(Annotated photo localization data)
* * * * * * * * *

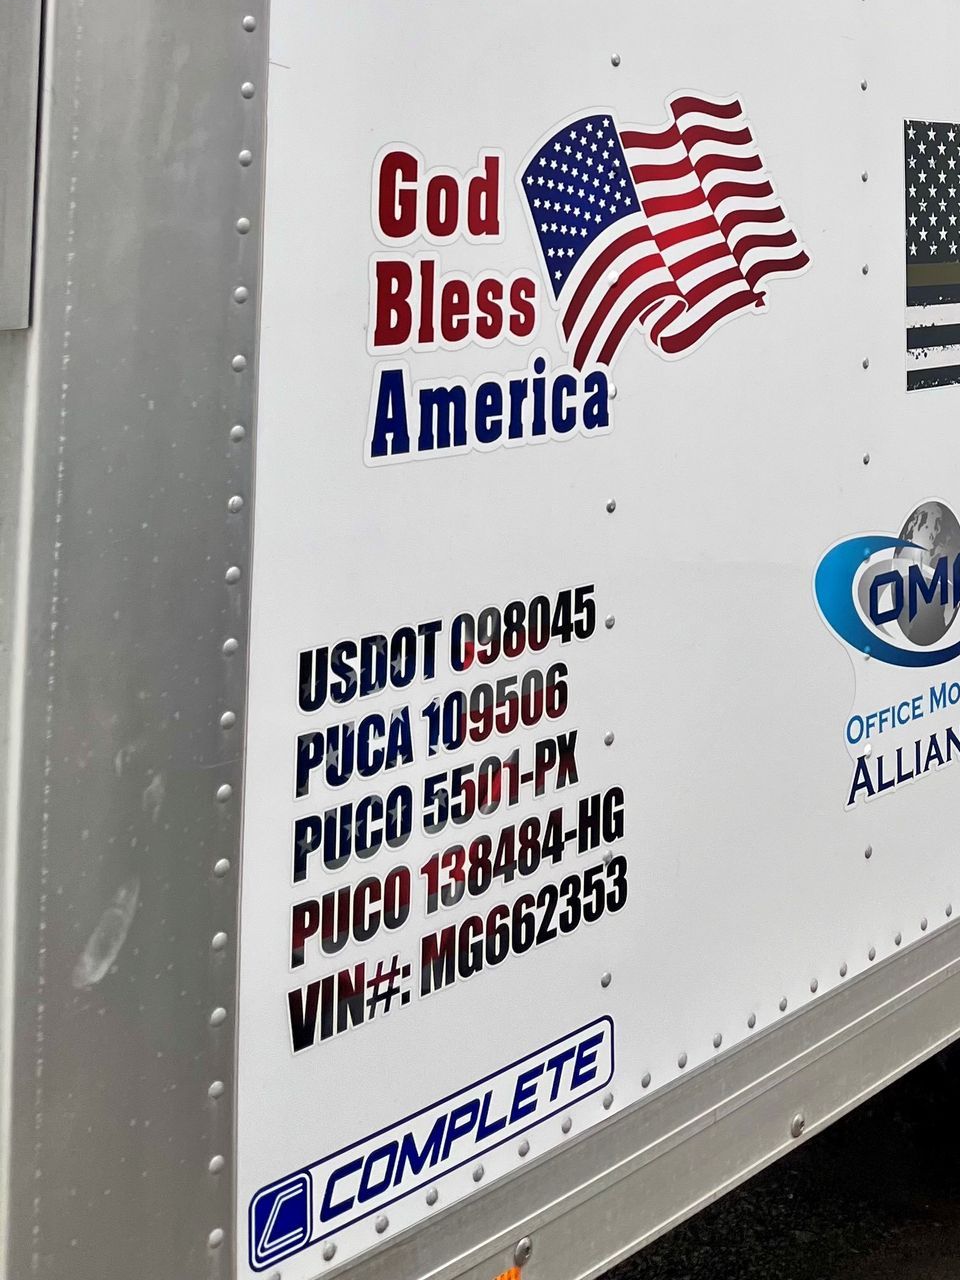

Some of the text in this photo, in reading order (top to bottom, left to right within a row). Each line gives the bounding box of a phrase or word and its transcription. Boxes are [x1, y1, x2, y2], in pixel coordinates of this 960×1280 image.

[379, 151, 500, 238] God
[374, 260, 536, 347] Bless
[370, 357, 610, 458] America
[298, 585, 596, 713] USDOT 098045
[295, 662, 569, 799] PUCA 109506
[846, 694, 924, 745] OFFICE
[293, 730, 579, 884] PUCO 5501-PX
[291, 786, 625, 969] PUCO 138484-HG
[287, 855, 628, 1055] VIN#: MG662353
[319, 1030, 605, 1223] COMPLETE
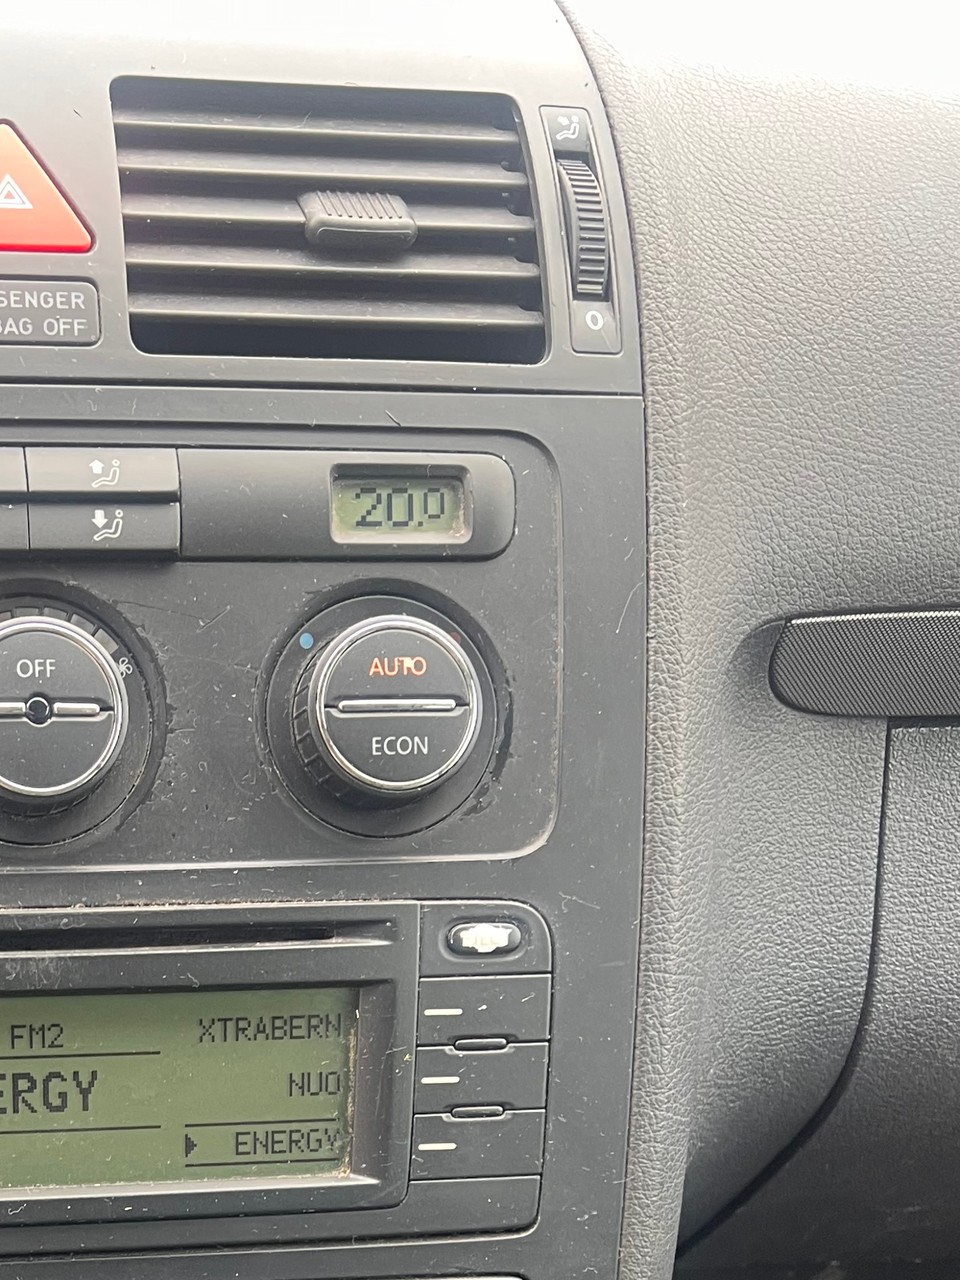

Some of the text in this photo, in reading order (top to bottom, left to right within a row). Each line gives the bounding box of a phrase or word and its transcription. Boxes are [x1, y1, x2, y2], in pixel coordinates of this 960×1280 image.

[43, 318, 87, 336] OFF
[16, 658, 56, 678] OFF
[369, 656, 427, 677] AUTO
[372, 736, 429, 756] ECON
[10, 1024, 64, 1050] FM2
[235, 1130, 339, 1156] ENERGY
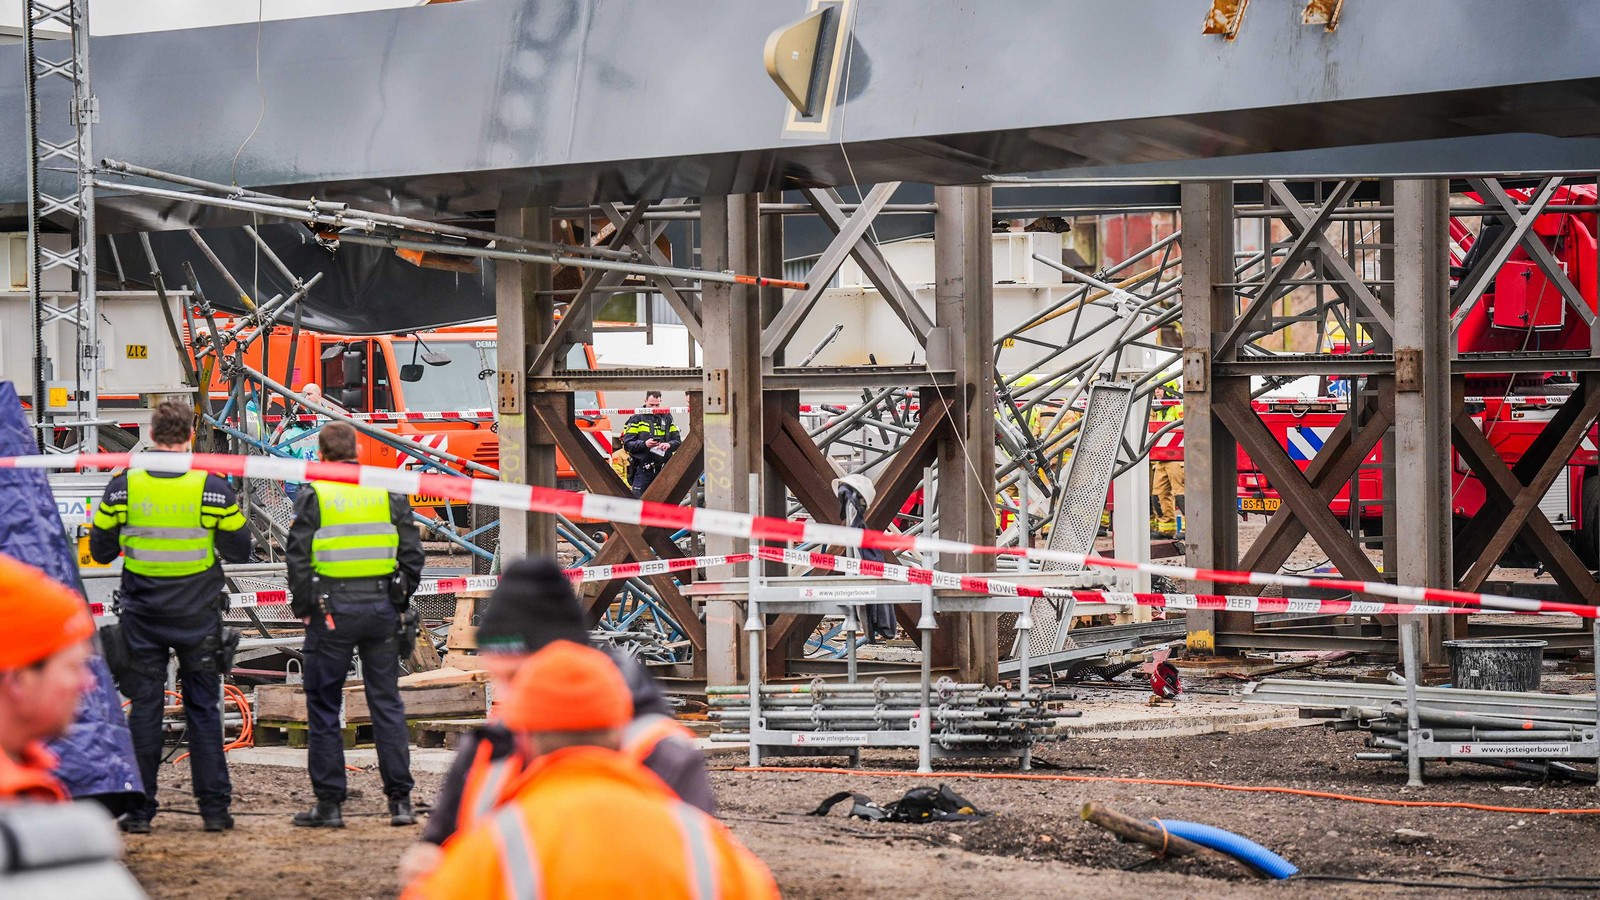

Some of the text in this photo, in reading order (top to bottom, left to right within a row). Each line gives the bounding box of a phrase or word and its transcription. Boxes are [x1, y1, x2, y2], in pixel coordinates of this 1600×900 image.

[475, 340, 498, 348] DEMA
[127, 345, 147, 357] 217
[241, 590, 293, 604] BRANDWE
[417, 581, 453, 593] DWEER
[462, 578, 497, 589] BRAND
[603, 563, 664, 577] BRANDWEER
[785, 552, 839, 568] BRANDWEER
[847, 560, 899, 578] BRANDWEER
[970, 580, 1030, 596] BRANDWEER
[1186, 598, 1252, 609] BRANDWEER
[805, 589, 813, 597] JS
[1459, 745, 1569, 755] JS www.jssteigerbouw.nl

* * * * * * * * *

» **WHAT YOU ARE ASKED TO DO**
Each record above goes into the copy unchanged; the pictures do not.

» **TASK RESULT**
Some of the text in this photo, in reading order (top to bottom, left to right within a row). Each line gives the bounding box of a phrase or word and its transcription. Boxes are [x1, y1, x2, y2], in pixel coordinates of this 960×1280 image.

[379, 151, 500, 238] God
[374, 260, 536, 347] Bless
[370, 357, 610, 458] America
[298, 585, 596, 713] USDOT 098045
[295, 662, 569, 799] PUCA 109506
[846, 694, 924, 745] OFFICE
[293, 730, 579, 884] PUCO 5501-PX
[291, 786, 625, 969] PUCO 138484-HG
[287, 855, 628, 1055] VIN#: MG662353
[319, 1030, 605, 1223] COMPLETE

Some of the text in this photo, in reading order (top to bottom, left to right within a row). Each line gives the bounding box of a phrase or word and its transcription. Boxes are [x1, y1, x2, y2], in pixel coordinates of this 960×1280 image.

[43, 318, 87, 336] OFF
[16, 658, 56, 678] OFF
[369, 656, 427, 677] AUTO
[372, 736, 429, 756] ECON
[10, 1024, 64, 1050] FM2
[235, 1130, 339, 1156] ENERGY

Some of the text in this photo, in reading order (top to bottom, left to right within a row). Each line gives the bounding box of a phrase or word and its transcription. Boxes are [x1, y1, x2, y2], in pixel coordinates of this 1600×900 image.

[475, 340, 498, 348] DEMA
[127, 345, 147, 357] 217
[241, 590, 293, 604] BRANDWE
[417, 581, 453, 593] DWEER
[462, 578, 497, 589] BRAND
[603, 563, 664, 577] BRANDWEER
[785, 552, 839, 568] BRANDWEER
[847, 560, 899, 578] BRANDWEER
[970, 580, 1030, 596] BRANDWEER
[1186, 598, 1252, 609] BRANDWEER
[805, 589, 813, 597] JS
[1459, 745, 1569, 755] JS www.jssteigerbouw.nl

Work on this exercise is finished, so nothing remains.